Racist and colonialist narratives in old geography textbooks help explain the prevalence of segregationist and discriminatory policies and other nasty planning practices. It’s time to understand and reconcile.
Greetings from Denver, Colorado, where I am attending the American Association of Geographers Annual Meeting. Tomorrow, I present a paper titled, “Racism and Colonialism in Geography Textbooks, 1840s to 1950s” (slideshow and full report) which describes how old school textbooks portrayed foreign peoples and cultures, and discusses how they influenced popular beliefs about race, culture, and colonialism.
Old geography textbooks contained racist and colonialist narratives that justified discriminatory and harmful planning practices. Information about this history can help us better understand and correct this ugly legacy.
This research is based on my personal collection of old geography books—I own a few dozen, some more than two centuries old.
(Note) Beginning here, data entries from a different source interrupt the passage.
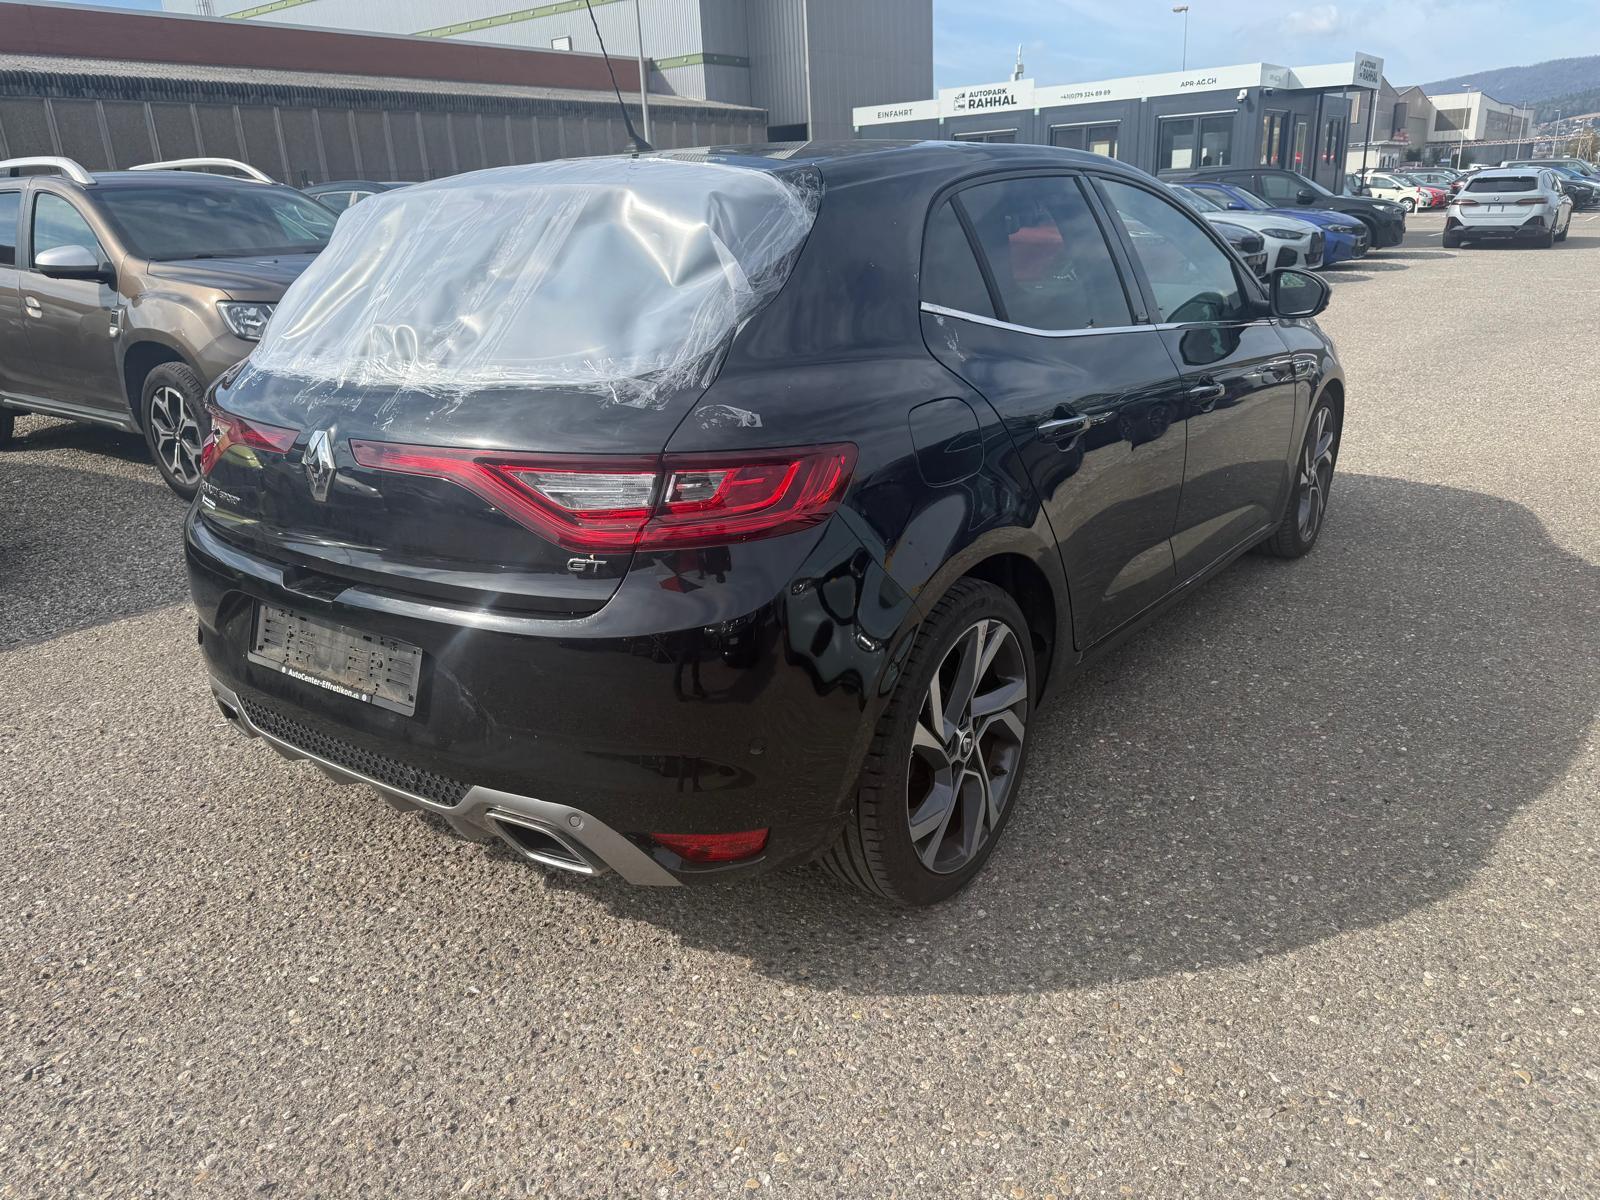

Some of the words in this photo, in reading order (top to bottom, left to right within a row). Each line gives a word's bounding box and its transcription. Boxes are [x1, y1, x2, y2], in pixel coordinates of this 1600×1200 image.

[968, 88, 1007, 98] AUTOPARK
[968, 94, 1018, 109] RAHHAL
[877, 108, 913, 119] EINFAHRT
[567, 557, 608, 573] GT
[287, 668, 360, 700] AutoCenter-Effretikon.ch
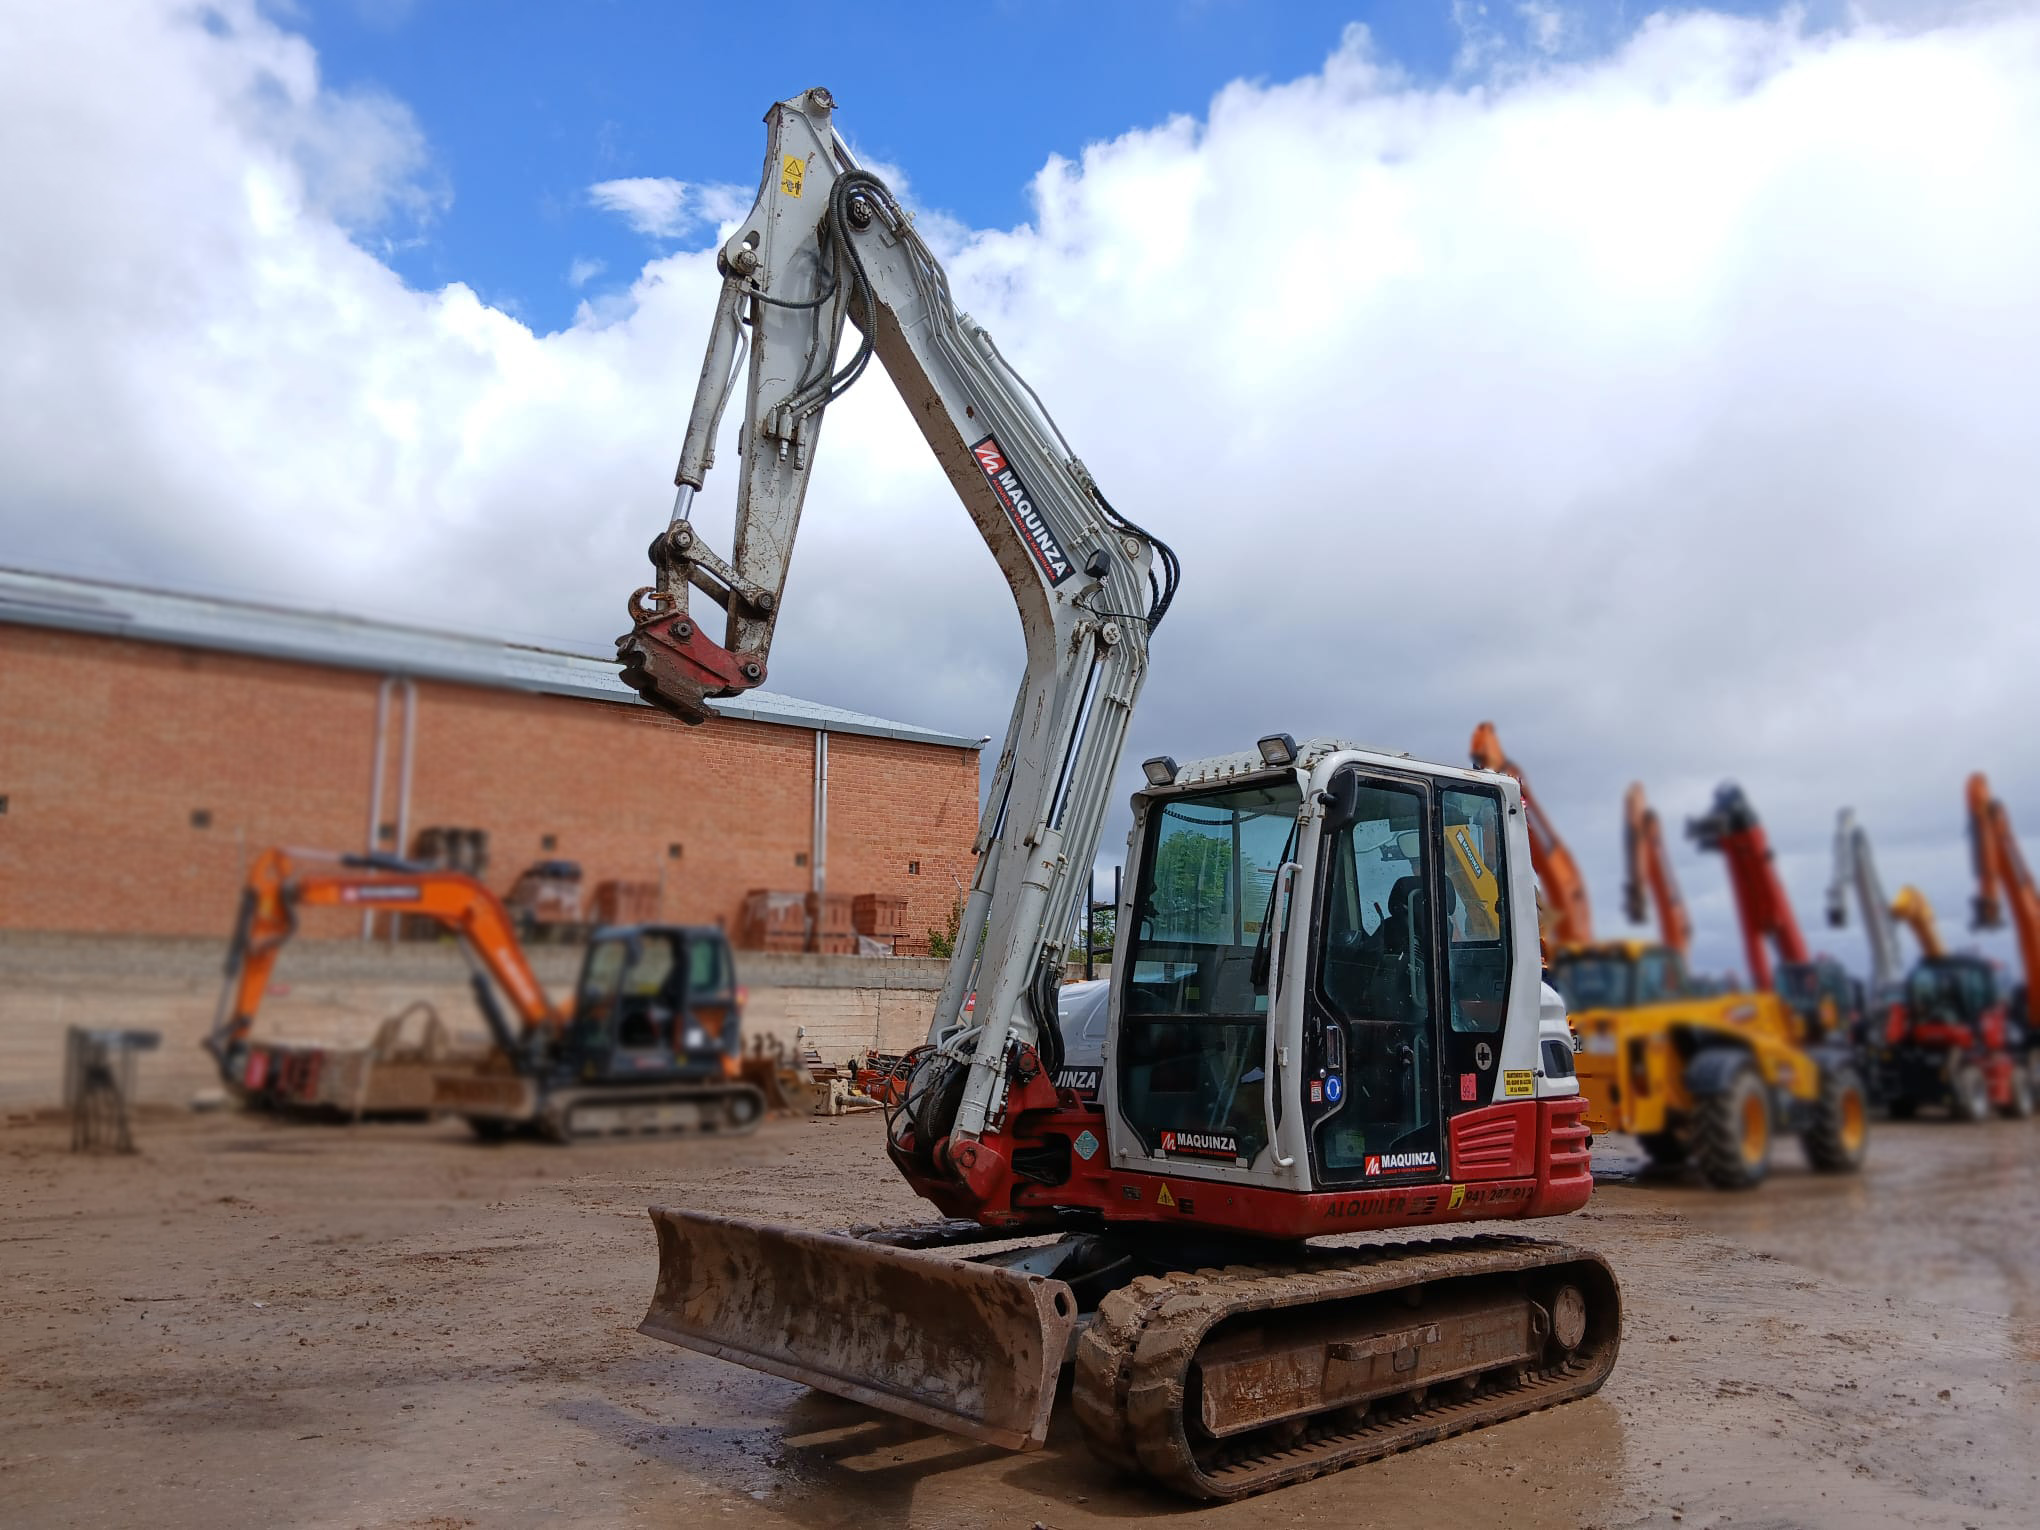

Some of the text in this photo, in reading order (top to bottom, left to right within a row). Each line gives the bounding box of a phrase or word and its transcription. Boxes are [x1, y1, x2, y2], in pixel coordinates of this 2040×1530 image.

[998, 470, 1067, 577] MAQUINZA
[1177, 1132, 1237, 1151] MAQUINZA
[1381, 1151, 1436, 1168] MAQUINZA
[1324, 1197, 1407, 1218] ALQUILER
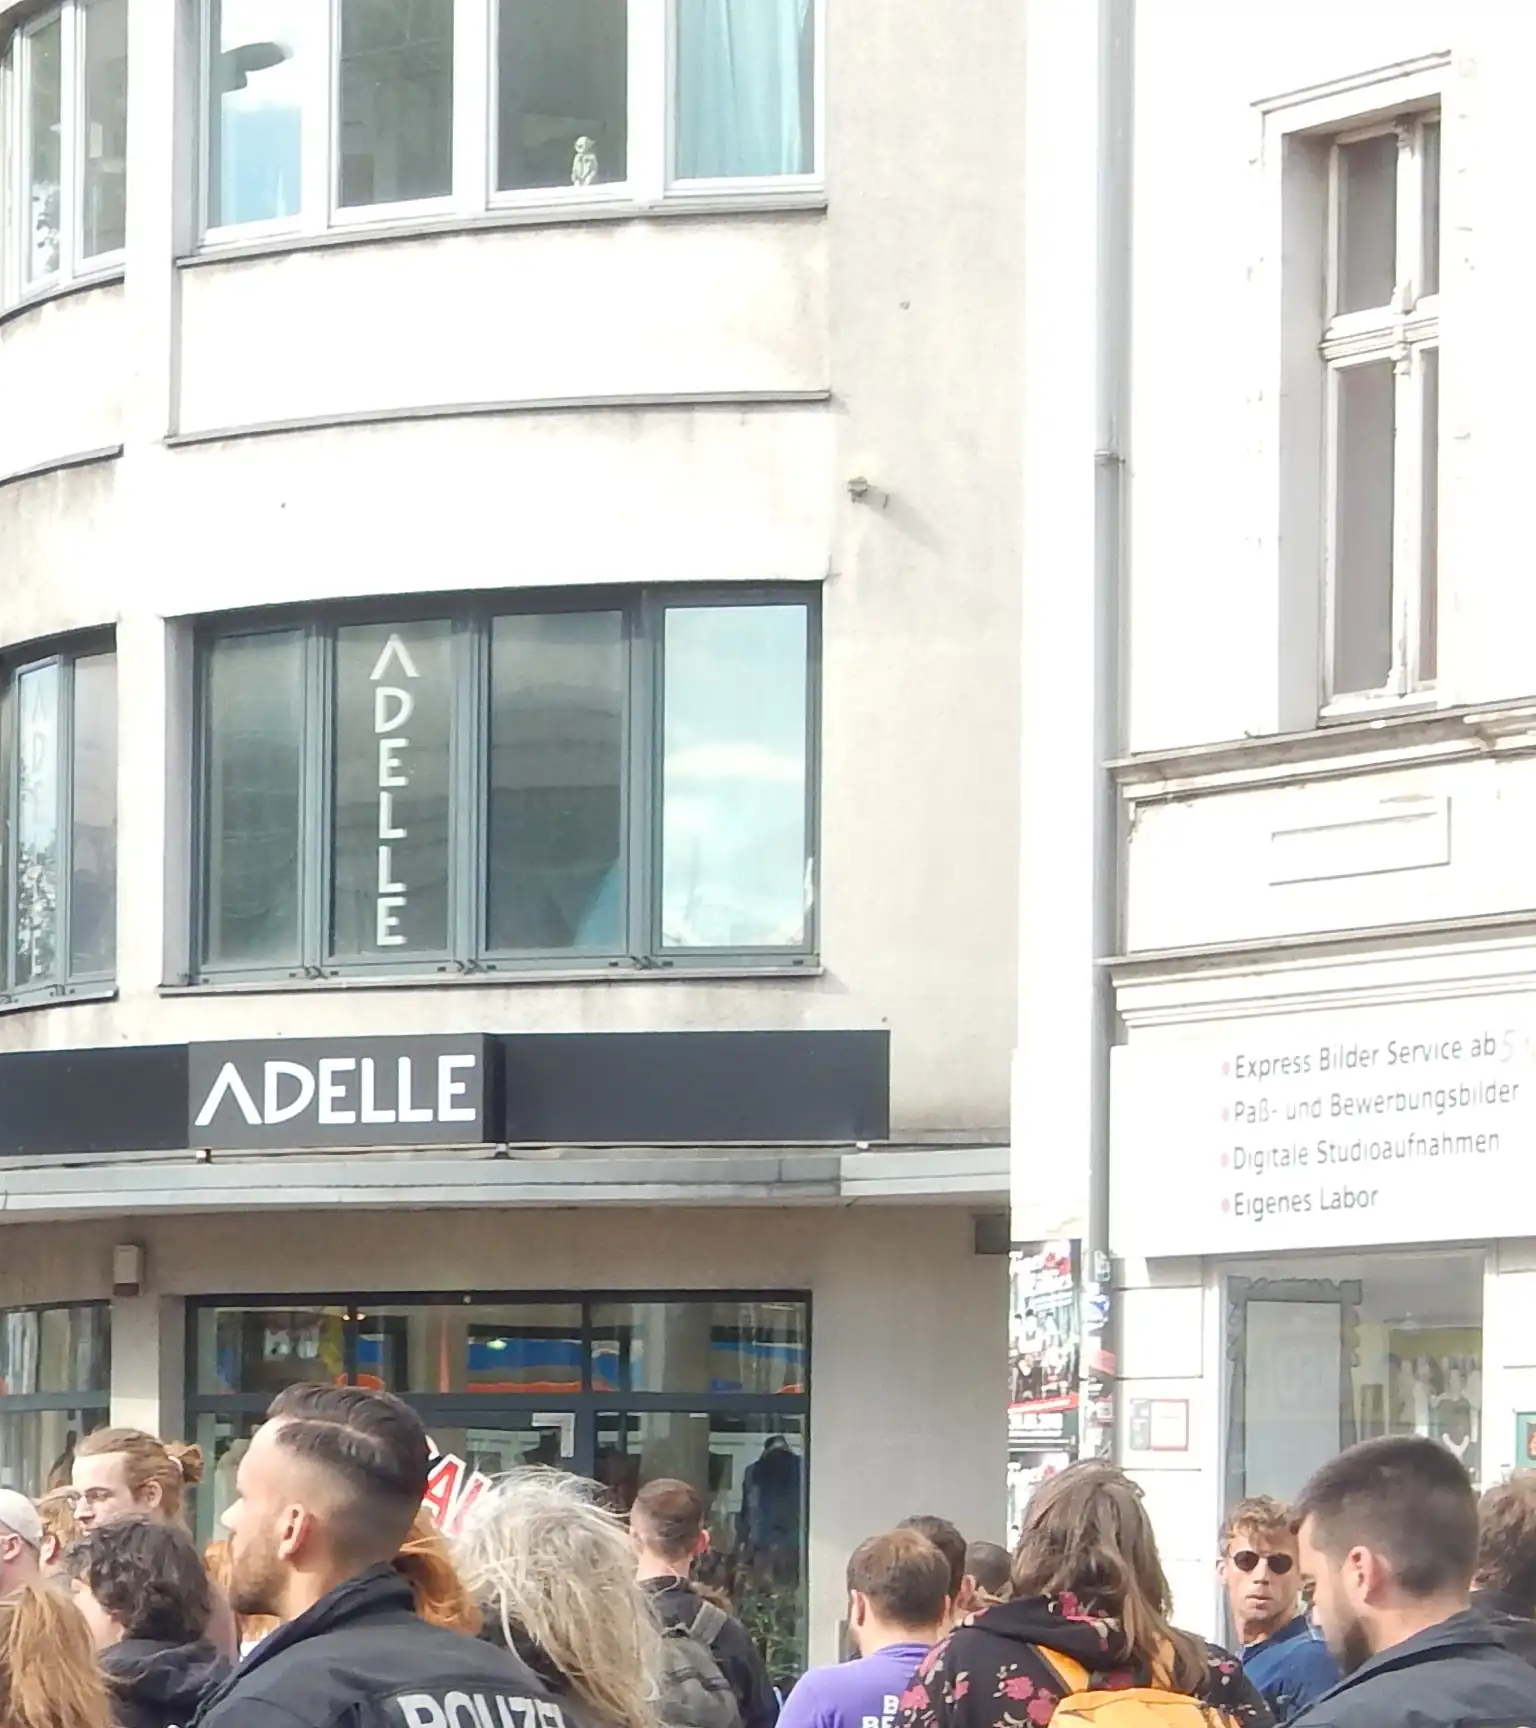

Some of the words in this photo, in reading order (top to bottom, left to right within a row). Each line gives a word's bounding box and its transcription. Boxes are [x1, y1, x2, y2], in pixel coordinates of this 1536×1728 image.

I find these documents beautiful and fascinating; they are little time machines that show how previous generations perceived the larger world. Geography textbooks introduced children to foreign lands and people. Considered scientific and authoritative, they left a durable legacy on students' worldviews. If previous generations thought about China, Africa, or South America, they probably based their understanding of those places and their peoples on the brief descriptions in their grade school geography books.
My study includes texts and images scanned from these books. You probably would not be surprised to learn that old geography books were overtly racist (they claimed that White races are superior) and colonialist (they claimed that European imperialism was benevolent and beneficial), but it is still shocking to see how systematically they used pseudoscience to categorize non-white races and cultures as violent, immoral, lazy, ignorant, and generally inferior, establishing a foundation for exclusionary and oppressive policies.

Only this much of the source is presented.